Панна Сенинская слушала, приложив руки к вискам и устремив неподвижный взгляд прямо перед собой. Заметив это, пан Понговский внимательно посмотрел на нее и спросил:
— О чем ты призадумалась?
— Я не призадумалась, — отвечала она, — только мне так грустно, что я не нахожу слов…
И, не найдя слов, она нашла слезы. Пан Гедеон дал ей наплакаться вволю.
— Лучше пусть твоя грусть, — сказал он, наконец, — выйдет вместе со слезами, чем останется навсегда в сердце. Ну, ничего не поделаешь! Пусть себе едет, пусть бренчит чужими талерами, пусть волочит по грязи конский хвост, разыгрывает пана и ухаживает за варшавскими блудницами. А мы здесь останемся с тобой, моя девочка… И в самом деле, хотя не велика эта утеха, а все-таки утеха, если подумаешь, что никто тебя здесь не обманет, никто не оскорбит, никто сердца твоего не ранит, и что всегда ты будешь здесь как зеница ока для каждого, и твое счастье будет здесь первой заботой, а в то же время и последней мыслью всей моей жизни. Подойди ко мне…
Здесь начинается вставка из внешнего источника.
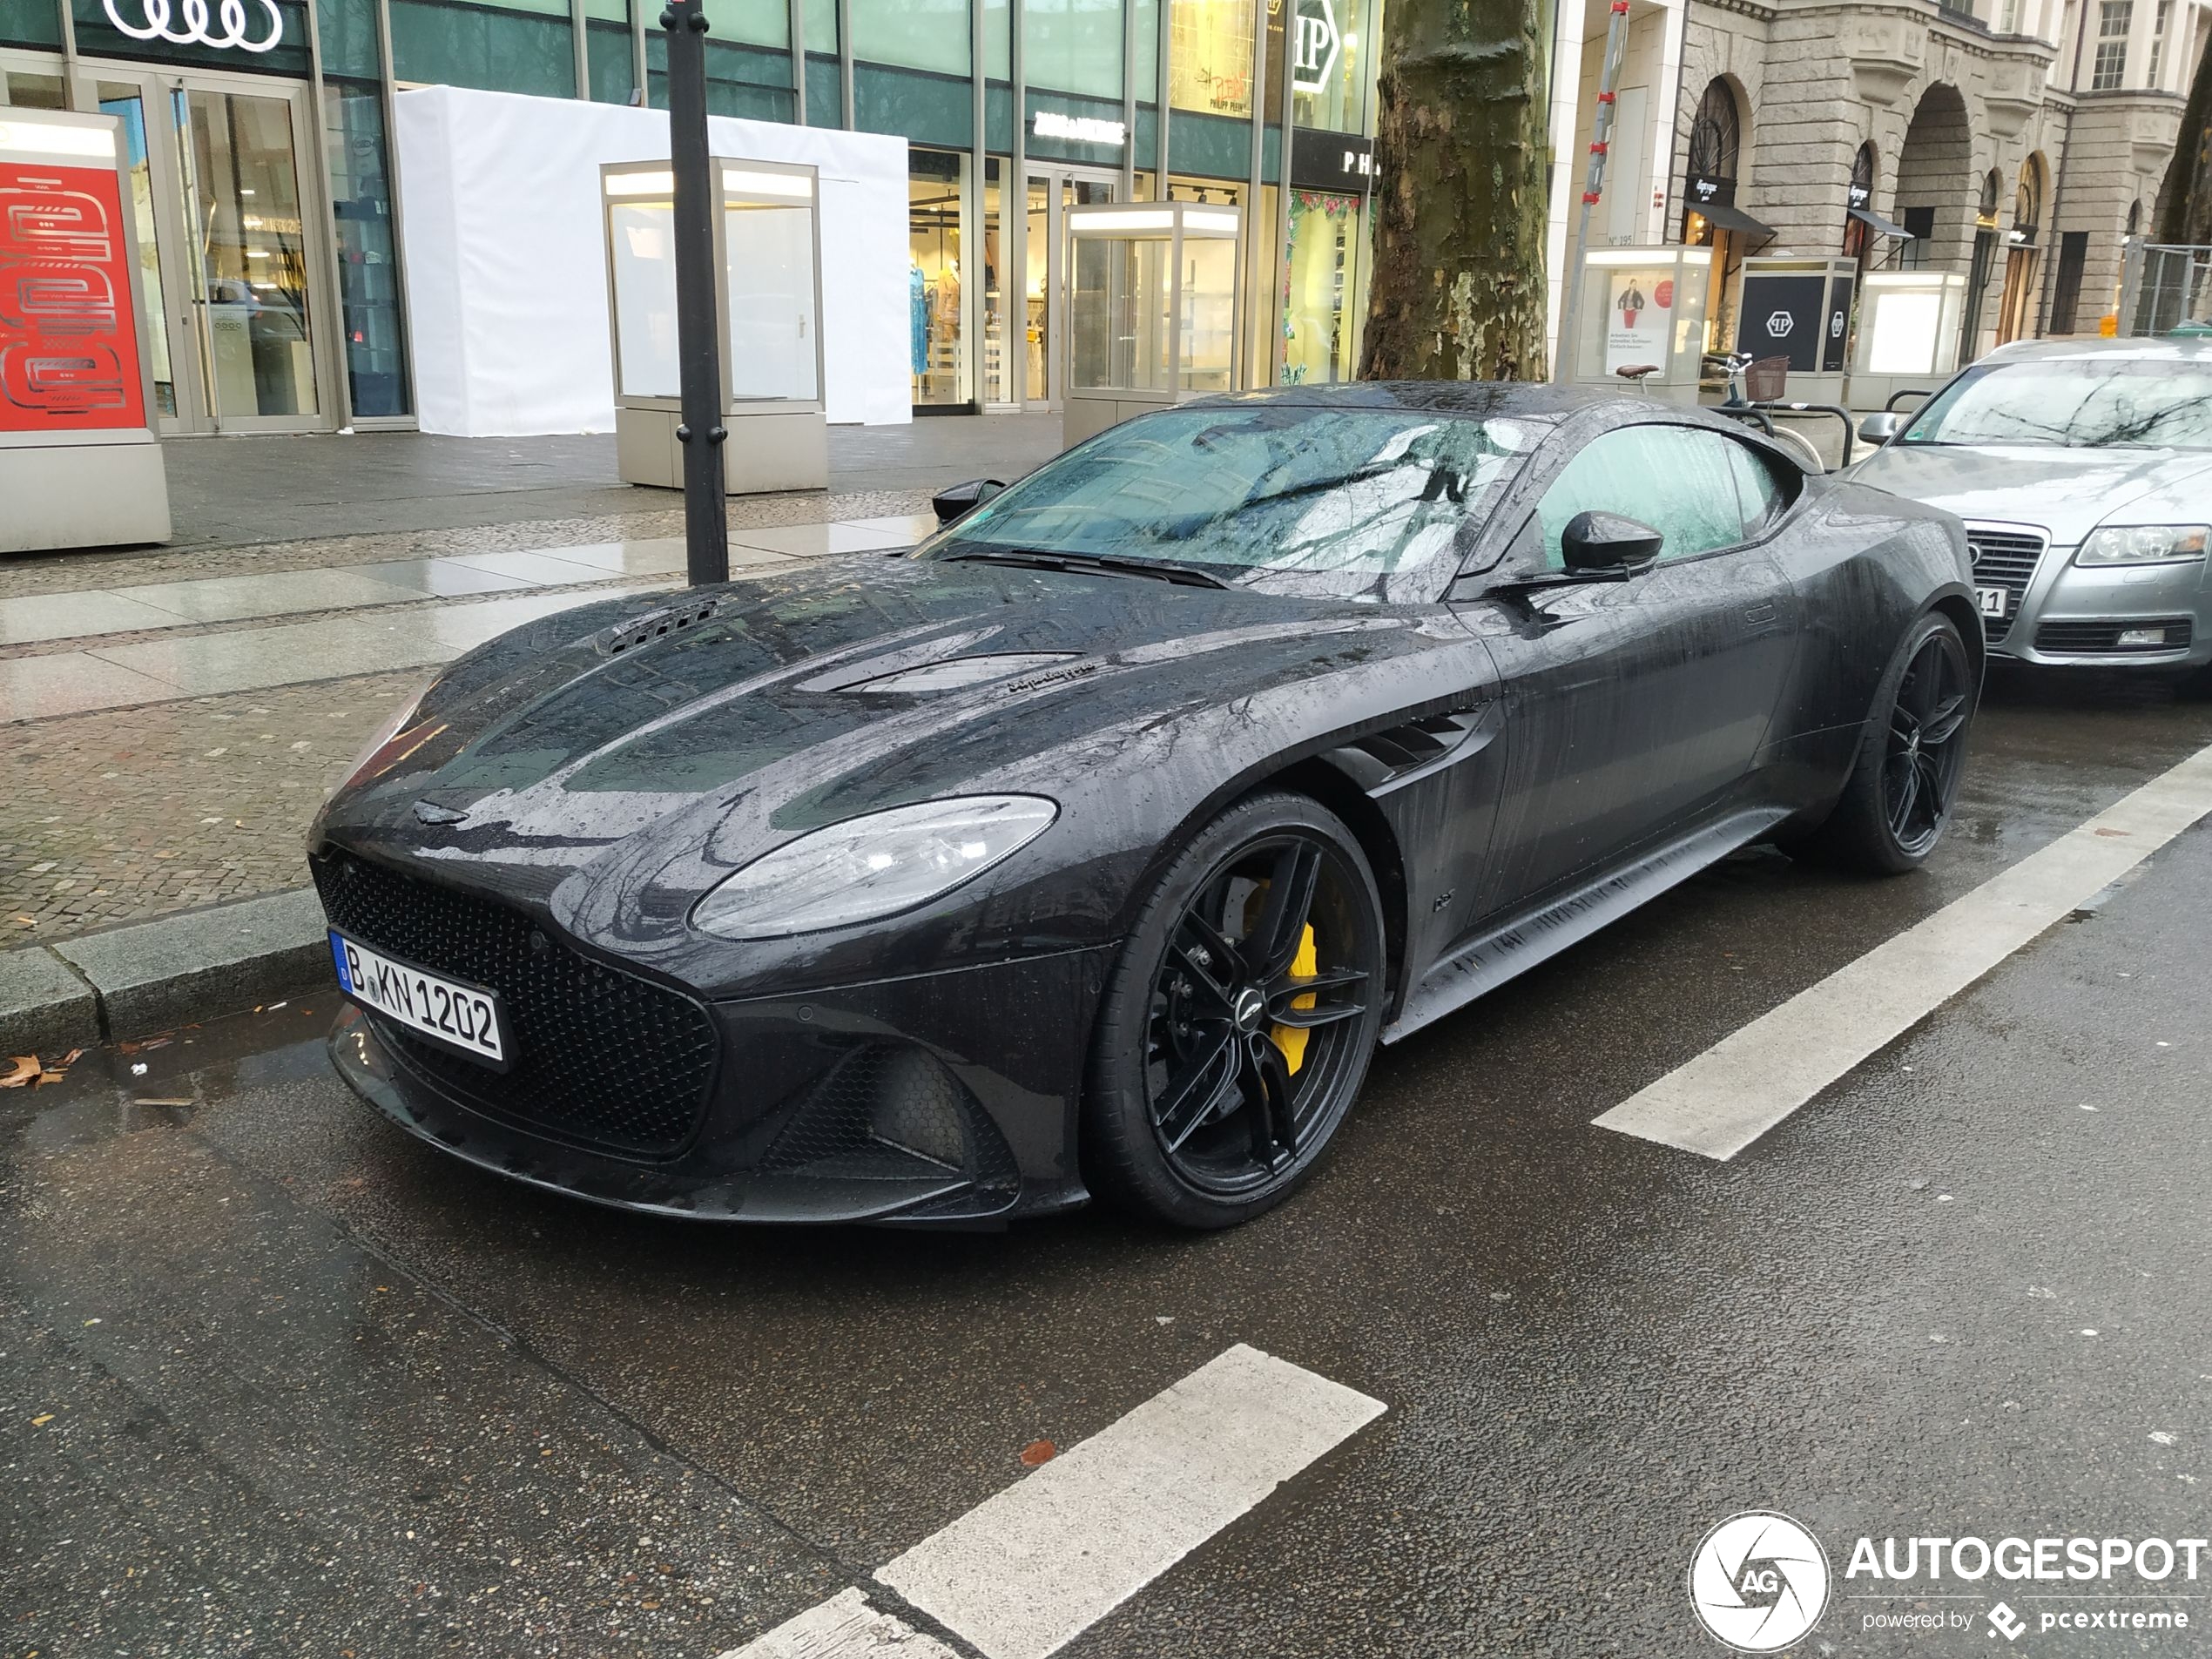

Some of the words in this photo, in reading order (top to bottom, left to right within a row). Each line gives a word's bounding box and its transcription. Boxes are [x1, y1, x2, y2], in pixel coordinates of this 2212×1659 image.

[1344, 151, 1381, 176] PH
[1620, 234, 1632, 246] 195
[347, 944, 365, 992] B
Он протянул к ней руку, а она упала к нему в объятия, растроганная и в то же время благодарная, как дочь отцу, который утешает ее в момент огорчения. Пан Понговский снова начал гладить своей единственной рукой ее белокурую головку, и долго так сидели они молча.
Между тем стемнело. Потом замерзшие стекла заискрились от лунного света и кое-где отозвались на дворе протяжным лаем собаки.
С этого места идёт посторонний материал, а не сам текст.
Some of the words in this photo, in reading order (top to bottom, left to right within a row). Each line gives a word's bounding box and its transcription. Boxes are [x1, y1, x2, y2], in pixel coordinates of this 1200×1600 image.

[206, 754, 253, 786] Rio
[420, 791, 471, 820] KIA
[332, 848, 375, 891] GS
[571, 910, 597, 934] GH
— Встань, дитя мое, — произнес, наконец, пан Гедеон. — Больше не будешь плакать?
— Нет, — отвечала девушка, целуя его руку.
— Вот, видишь! Помни всегда, где у тебя есть тихая пристань и где спокойно тебе будет и уютно. Каждый молодой человек любит гоняться по всему свету, как ветер по полю, а у меня ты одна. Заметь это себе хорошенько!.. Наверное, ты уж не раз думала: «Опекун глядит на всех сурово, как волк, так и ищет, на кого бы накричать, и не имеет снисхождения к моей молодости». А знаешь ли ты, о чем этот опекун думал и думает? Он думает часто о своем минувшем счастье, о той боли, которая, точно стрела, засела в его сердце, но, кроме того, только о тебе, только о твоей будущей доле, только о том, как бы накопить для тебя побольше добра. С паном Гротом я целыми часами беседовал об этом, так что он иногда даже смеялся, говоря, что у меня только эта одна мысль и осталась. А я забочусь только о том, чтобы после моей смерти обеспечить тебе верный и достаточный кусок хлеба.
— Не дай мне Бог дожить до этого! — воскликнула девушка, снова склоняясь к руке пана Гедеона. В ее голосе прозвучало столько искренности, что суровое лицо шляхтича просияло на мгновение настоящей радостью.
— Любишь ли ты меня хоть немножко?
— Ах, опекун!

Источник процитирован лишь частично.